I’m recalling my last month of snow surveys – Jay Penney had been taken off duty when he was diagnosed with congestive heart failure, and Tom Engel had been sent to Arizona, so I was getting both the Kootenai and the Flathead snow courses with assistance from the Forest Service – a new guy every day.  Absolutely essential help in getting the job done, and only one major mishap – when my FNG tried to turn in reverse and broke the ski off the Alpine.  At least we were on the way out when that happened – but I did have to swap machines and drive out another 15 miles with no steering.  As the photo shows, even without breaking the ski off, steering was never the Alpine’s best feature.  (The best feature was two tracks instead of one)

I liked the Alpines – two tracks and a 640cc engine.  A box on the back for equipment.  Snowshoes – I don’t believe I could be comfortable driving a snowmobile across the hayfield without snowshoes.  I’ve broken too many snowmobiles to ever be comfortable without the old-fashioned oversnow traveling tools.  In Kalispell that year, I met my Forest Service assistants at the fair grounds – which were also being used by the movie folks who were filming “Heaven’s Gate.”  Kind of fun – they offered a job when I helped hitch the horses to a wagon, but the May snow survey runs had turned into a full-time job.

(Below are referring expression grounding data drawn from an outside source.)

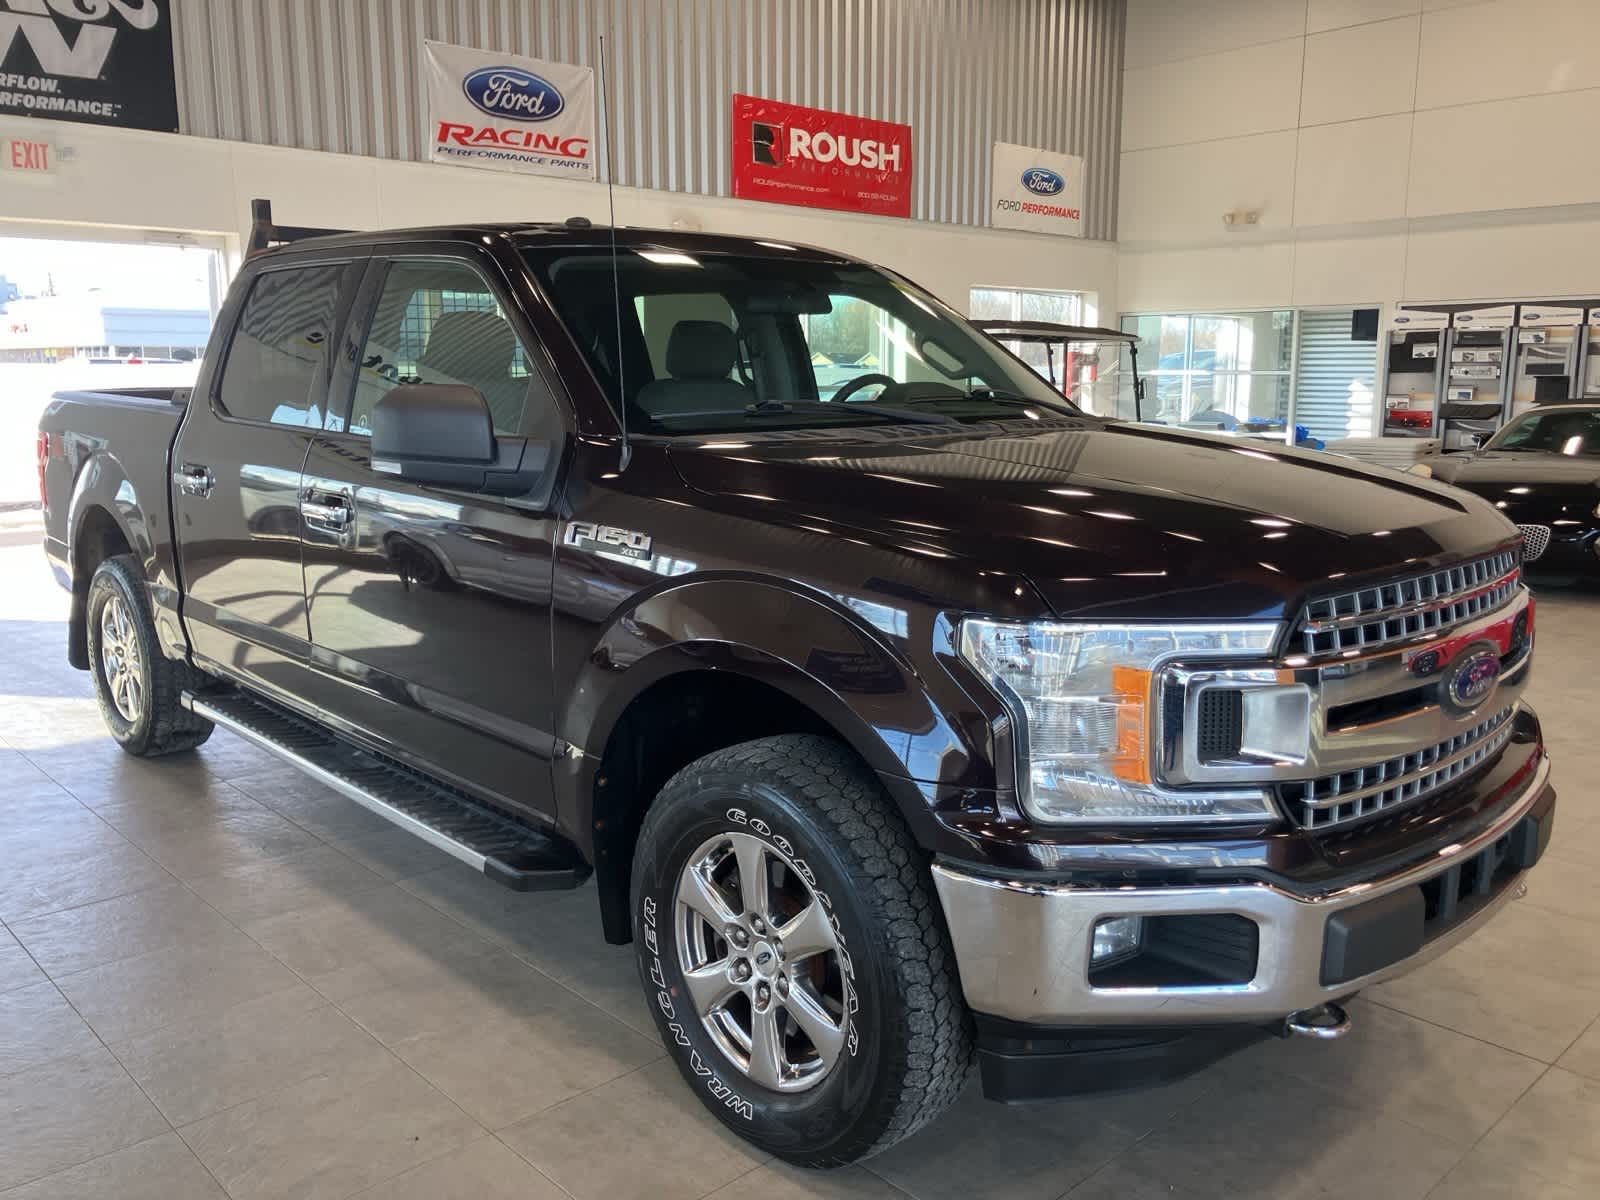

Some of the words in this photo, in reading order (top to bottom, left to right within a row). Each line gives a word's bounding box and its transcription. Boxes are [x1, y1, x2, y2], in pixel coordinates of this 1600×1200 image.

[483, 74, 545, 114] Ford
[11, 140, 49, 170] EXIT
[437, 121, 588, 159] RACING
[789, 127, 900, 172] ROUSH
[437, 146, 546, 165] PERFORMANCE
[550, 159, 590, 170] PARTS
[1029, 171, 1056, 192] Ford
[997, 199, 1020, 211] FORD
[1021, 201, 1080, 220] PERFORMANCE
[621, 548, 641, 557] XLT
[643, 896, 753, 1121] WRANGLER

Snoriderswest offers an article describing the Alpine: 

“The single-ski Ski-Doo Alpine is somewhat of a classic among old sled enthusiasts. These old sleds build on Ski-Doo’s early heritage of manufacturing a snowmobile or “tracked vehicle” to get “woodsmen through the forest and muskeg and then back home safely.”

Thus the Alpine proved popular as a work sled for utility companies, game wardens, trappers, pipeline inspectors or anyone who needed to check on remote locations or lines in the middle of winter.

Purportedly the double-tracked Alpine was the “world’s slowest” moving snowmobile but extremely reliable and dependable, so it’s little wonder that backwoodsmen, hunters and workmen loved the machines.” 

I think our record week was 5 machines broke down – engines and transmissions turned to trash by mountains in the Kootenai filled with wet powder.  We packed crowbars so we could turn the things on their sides and get the snow out when it filled the tracks – sometimes every half-mile.  The best thing about the Alpines was that when one broke down, it was time to turn it around and head out for the truck on a trail that was already broken and packed.

We didn’t have NOAA climate prediction sites back then – those early electronic calculators weren’t reliable in cold weather, so we still used slide rules in the field and checked our calculations when we got back in the warm.  The photo above is the model I used (along with the Alpine) for snow surveys (though not the same one).  Others like it served on the Apollo missions.  Photo from article at sliderule.ca. If you grew up without using a slide rule (or even if you did) it’s kind of a fun site to visit.

It looks like it should be a good summer for putting up hay – but I’m betting on less yield than last year.  It amazes me that so much climate data is available just by turning on a computer and checking the internet.